[Opening Material to process section]
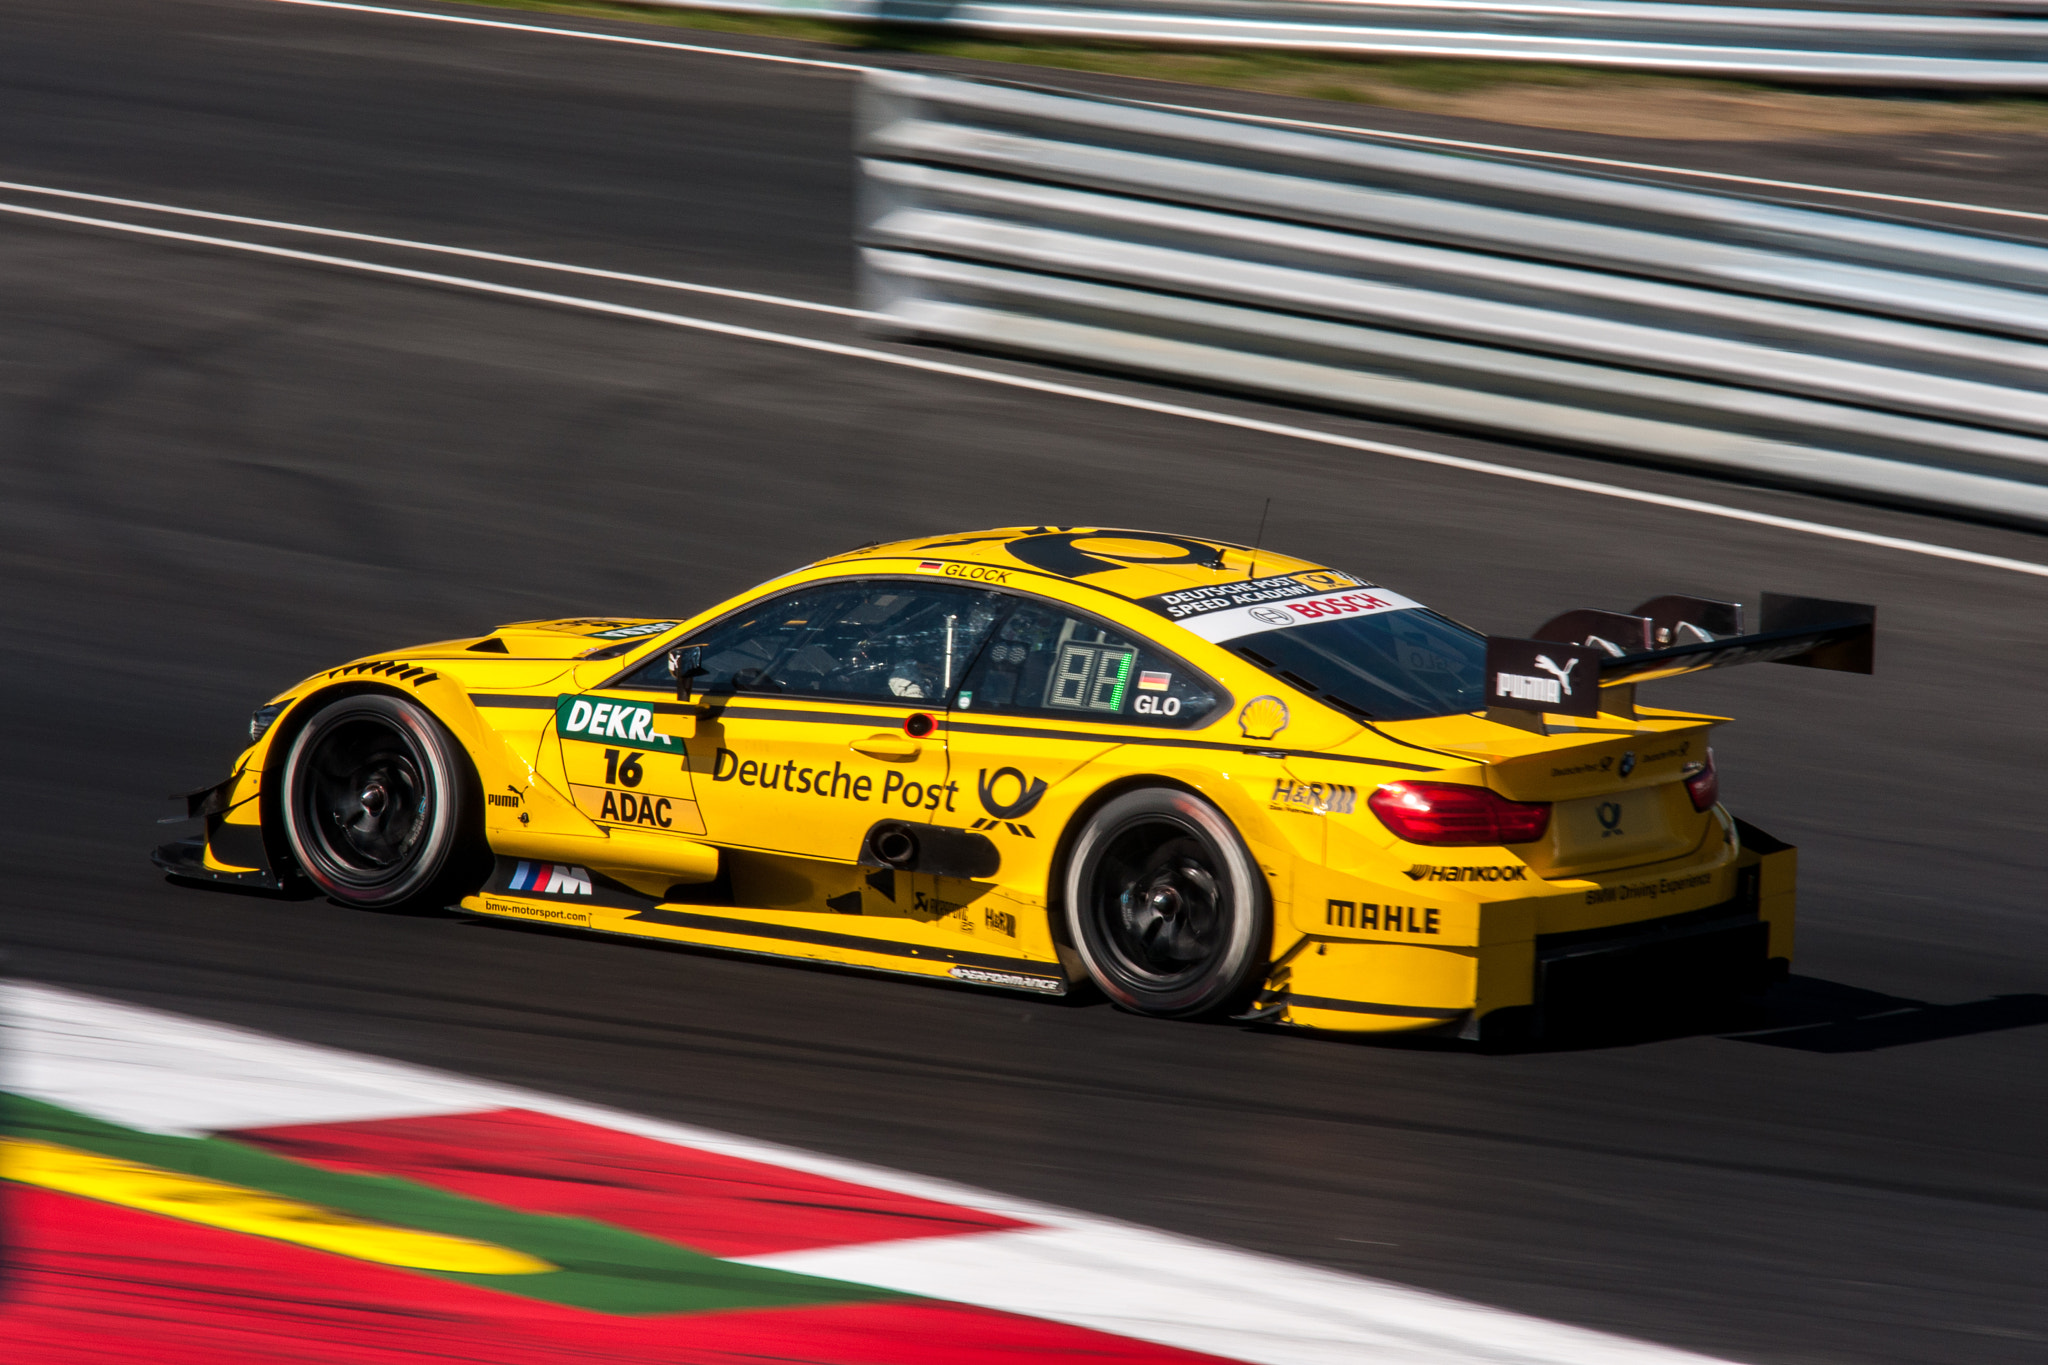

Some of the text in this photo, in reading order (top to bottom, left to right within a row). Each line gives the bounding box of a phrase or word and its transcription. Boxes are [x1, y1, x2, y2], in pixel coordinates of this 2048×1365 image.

[945, 564, 1013, 583] GLOCK
[1161, 576, 1298, 605] DEUTSCHE POST
[1167, 584, 1315, 618] SPEED ACADEMY
[1285, 592, 1393, 619] BOSCH
[1133, 694, 1181, 716] GLO
[604, 748, 645, 788] 16
[712, 747, 959, 813] Deutsche Post
[488, 793, 519, 809] PUMA
[600, 790, 673, 828] ADAC
[485, 900, 587, 922] bmw-motorsport.com
[1326, 898, 1441, 935] MAHLE
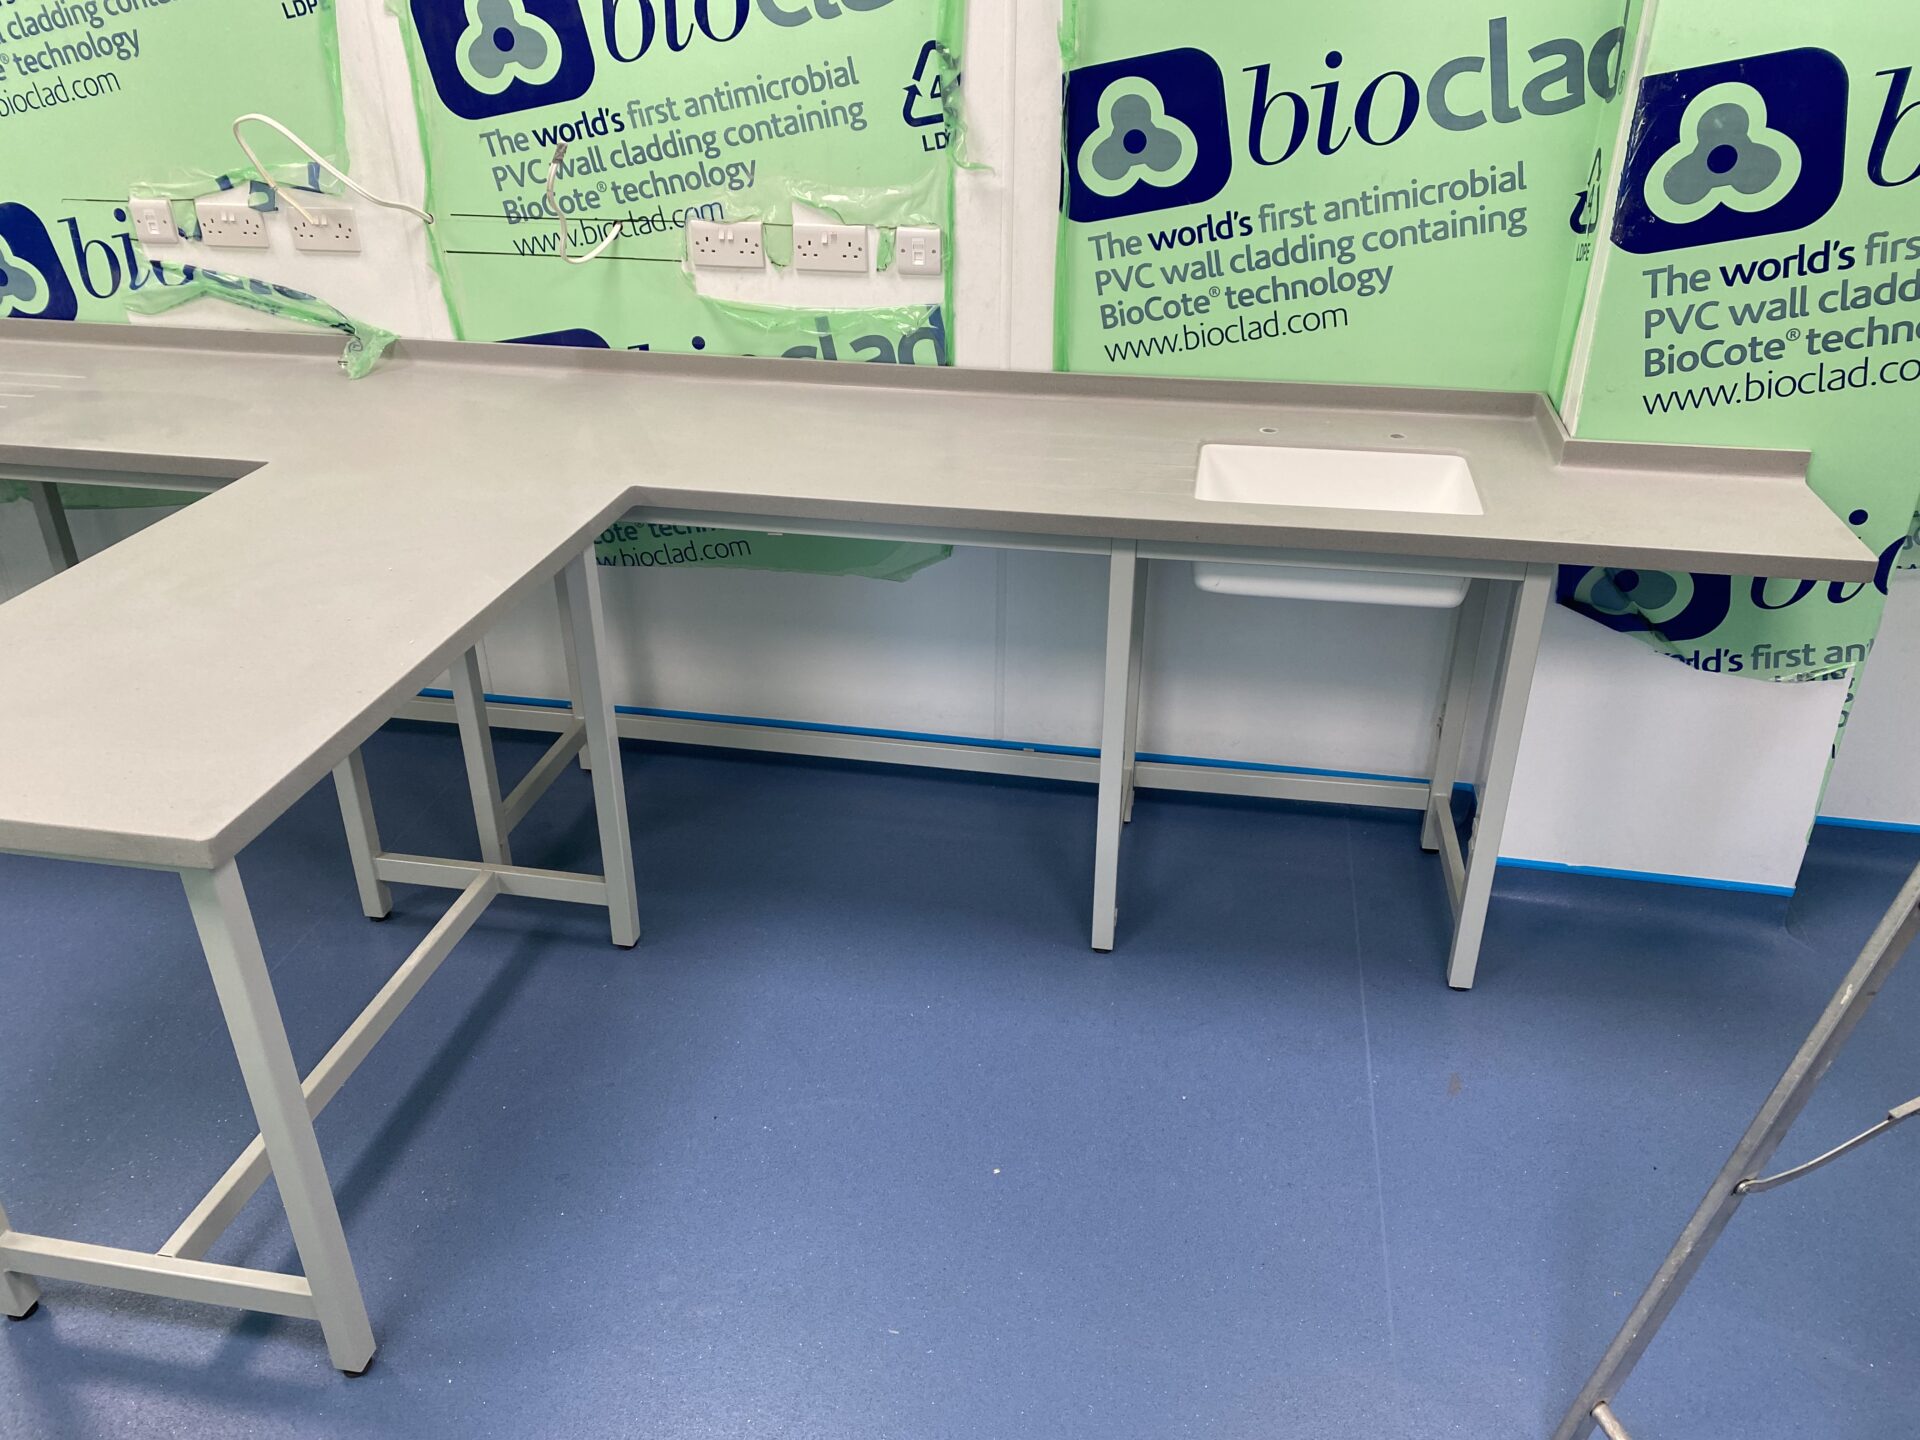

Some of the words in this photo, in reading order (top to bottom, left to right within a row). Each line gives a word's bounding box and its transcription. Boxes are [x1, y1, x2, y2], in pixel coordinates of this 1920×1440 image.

[7, 0, 104, 40] cladding
[12, 29, 140, 76] technology
[479, 128, 530, 157] The
[532, 107, 625, 147] world's
[626, 97, 680, 129] first
[684, 55, 860, 118] antimicrobial
[492, 158, 547, 192] PVC
[549, 145, 607, 180] wall
[610, 128, 721, 169] cladding
[723, 99, 868, 147] containing
[611, 159, 756, 205] technology
[1088, 231, 1142, 261] The
[1147, 210, 1253, 251] world's
[1258, 201, 1317, 233] first
[1324, 160, 1527, 222] antimicrobial
[1095, 263, 1155, 296] PVC
[1160, 249, 1224, 285] wall
[1230, 233, 1356, 274] cladding
[1362, 204, 1528, 251] containing
[1642, 264, 1711, 298] The
[1719, 240, 1855, 287] world's
[1224, 265, 1394, 310] technology
[1644, 300, 1720, 339] PVC
[1728, 285, 1810, 326] wall
[1104, 308, 1348, 362] www.bioclad.com
[1751, 643, 1816, 670] first
[Closing Material to process section]
Activity: Without the pictures, return the whole of the data exactly as given.

Expected answer:
Some of the text in this photo, in reading order (top to bottom, left to right within a row). Each line gives the bounding box of a phrase or word and its transcription. Boxes are [x1, y1, x2, y2], in pixel coordinates of this 2048×1365 image.

[945, 564, 1013, 583] GLOCK
[1161, 576, 1298, 605] DEUTSCHE POST
[1167, 584, 1315, 618] SPEED ACADEMY
[1285, 592, 1393, 619] BOSCH
[1133, 694, 1181, 716] GLO
[604, 748, 645, 788] 16
[712, 747, 959, 813] Deutsche Post
[488, 793, 519, 809] PUMA
[600, 790, 673, 828] ADAC
[485, 900, 587, 922] bmw-motorsport.com
[1326, 898, 1441, 935] MAHLE

Some of the words in this photo, in reading order (top to bottom, left to right within a row). Each line gives a word's bounding box and its transcription. Boxes are [x1, y1, x2, y2], in pixel coordinates of this 1920×1440 image.

[7, 0, 104, 40] cladding
[12, 29, 140, 76] technology
[479, 128, 530, 157] The
[532, 107, 625, 147] world's
[626, 97, 680, 129] first
[684, 55, 860, 118] antimicrobial
[492, 158, 547, 192] PVC
[549, 145, 607, 180] wall
[610, 128, 721, 169] cladding
[723, 99, 868, 147] containing
[611, 159, 756, 205] technology
[1088, 231, 1142, 261] The
[1147, 210, 1253, 251] world's
[1258, 201, 1317, 233] first
[1324, 160, 1527, 222] antimicrobial
[1095, 263, 1155, 296] PVC
[1160, 249, 1224, 285] wall
[1230, 233, 1356, 274] cladding
[1362, 204, 1528, 251] containing
[1642, 264, 1711, 298] The
[1719, 240, 1855, 287] world's
[1224, 265, 1394, 310] technology
[1644, 300, 1720, 339] PVC
[1728, 285, 1810, 326] wall
[1104, 308, 1348, 362] www.bioclad.com
[1751, 643, 1816, 670] first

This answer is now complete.